**YOUR OBJECTIVE:** The lines from the one containing "this 1200×1600 image." to the end of the entries, both included, are what you need to transcribe exactly, without pictures and without anything else.

**DATA IN THIS EXERCISE:**
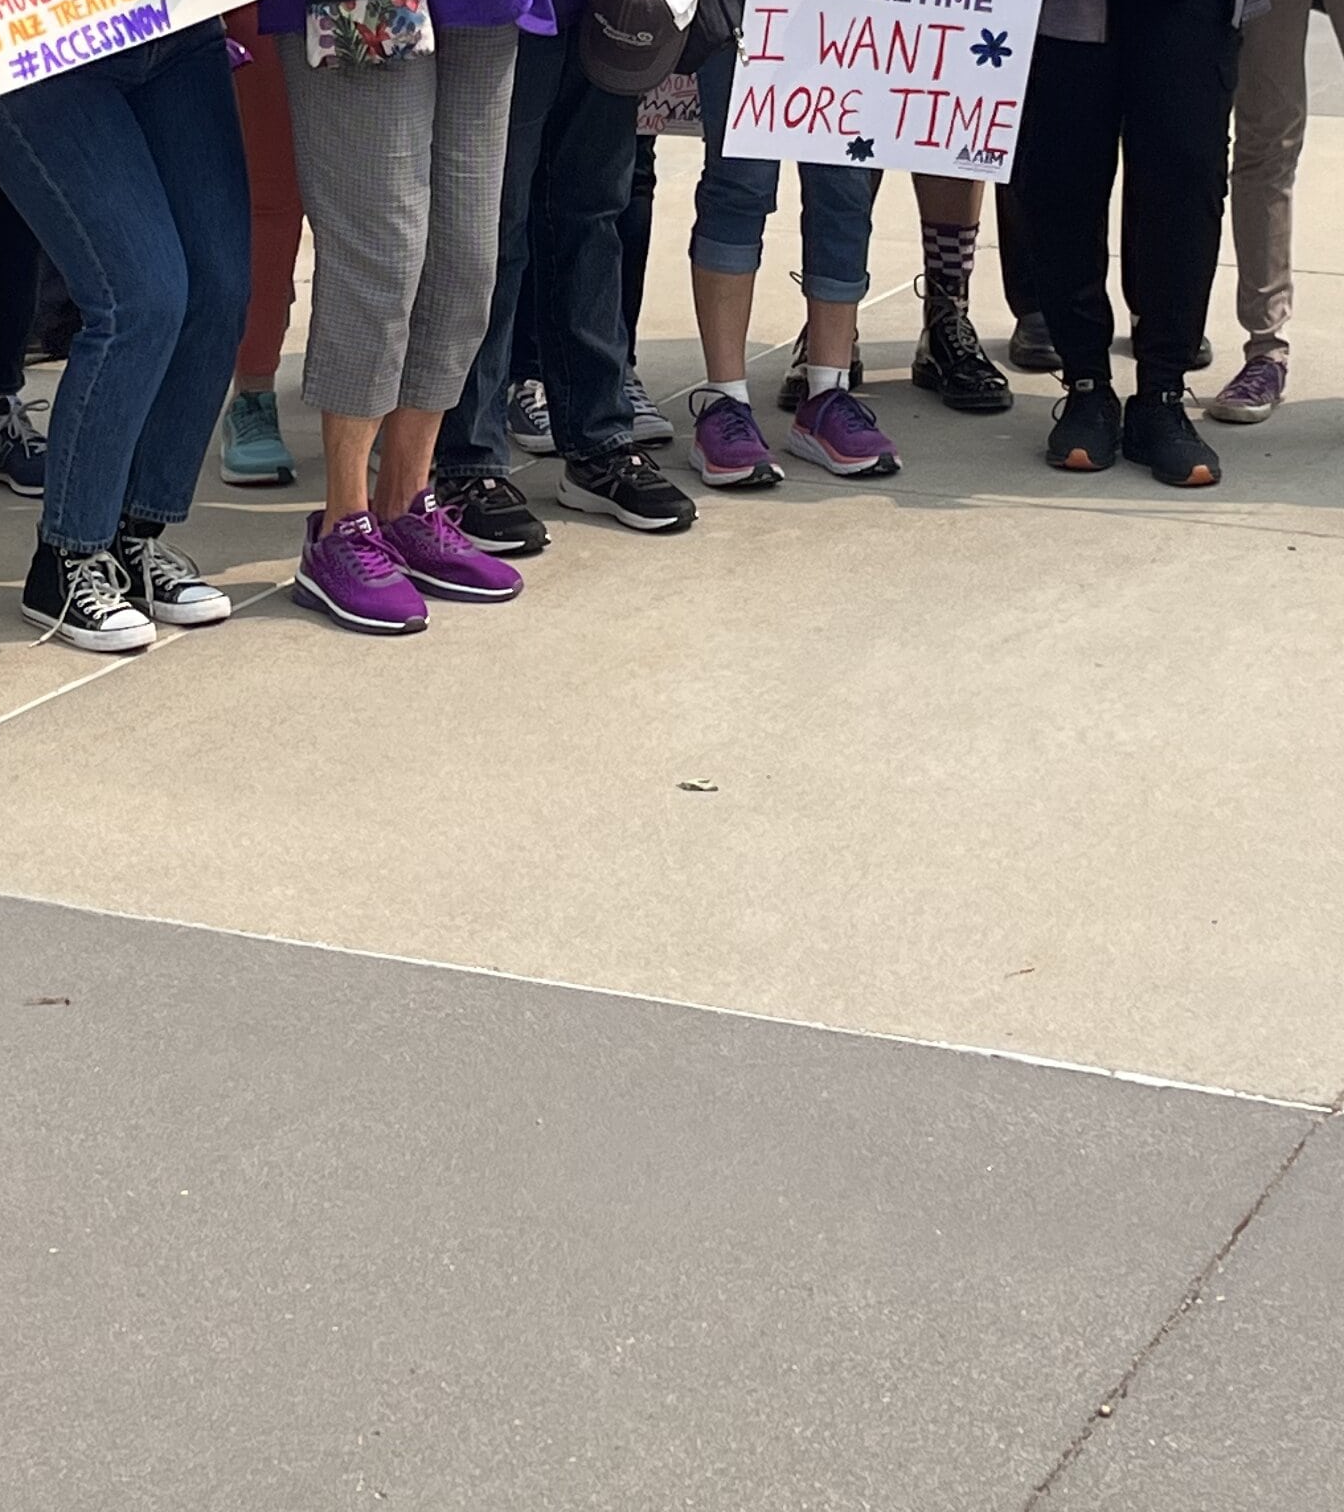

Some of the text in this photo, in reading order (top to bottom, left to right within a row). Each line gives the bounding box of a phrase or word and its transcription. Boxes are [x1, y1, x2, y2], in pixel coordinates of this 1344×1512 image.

[747, 8, 966, 82] I WANT
[732, 84, 1018, 156] MORE TIME
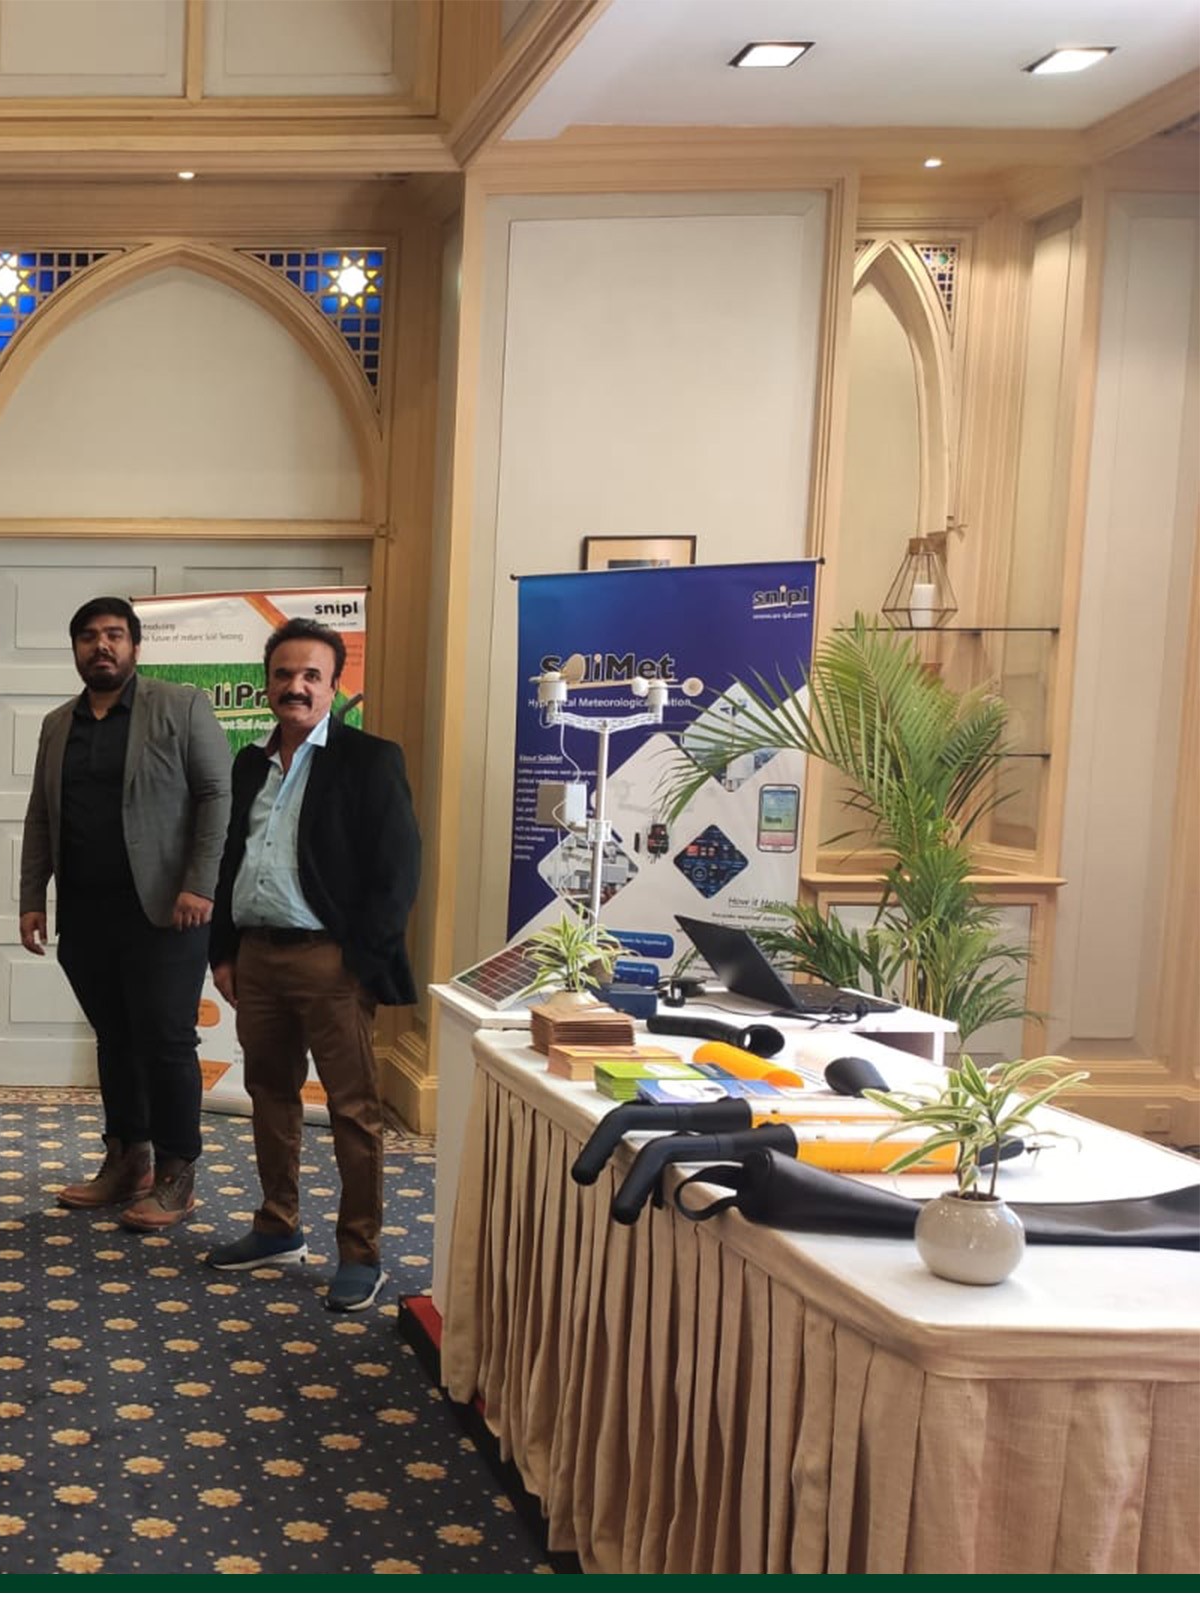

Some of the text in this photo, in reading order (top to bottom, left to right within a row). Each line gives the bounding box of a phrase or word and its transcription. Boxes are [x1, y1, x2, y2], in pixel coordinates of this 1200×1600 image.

[753, 585, 809, 608] snipl
[314, 601, 358, 618] snipl
[540, 652, 676, 682] SliMet
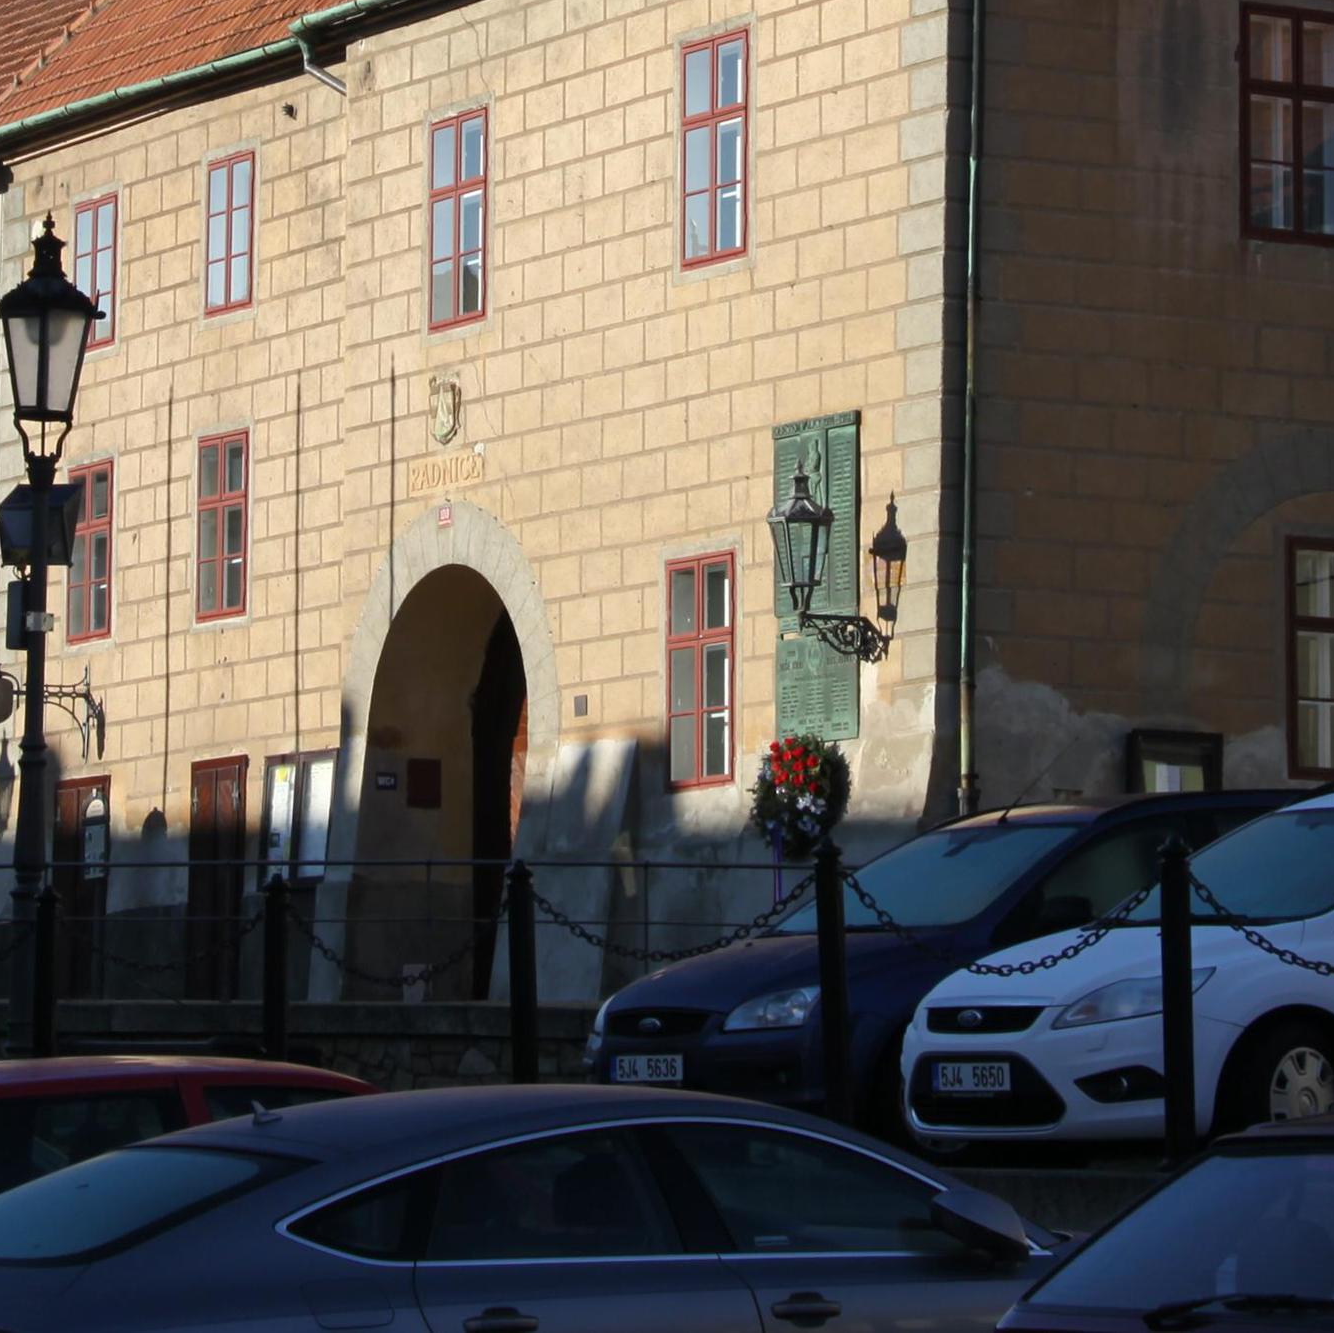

**SOLUTION TO THE EXERCISE:**
Some of the text in this photo, in reading order (top to bottom, left to right within a row). Each line gives the bounding box of a phrase or word and its transcription. Boxes are [x1, y1, x2, y2], in pixel coordinates of this 1200×1600 image.

[753, 585, 809, 608] snipl
[314, 601, 358, 618] snipl
[540, 652, 676, 682] SliMet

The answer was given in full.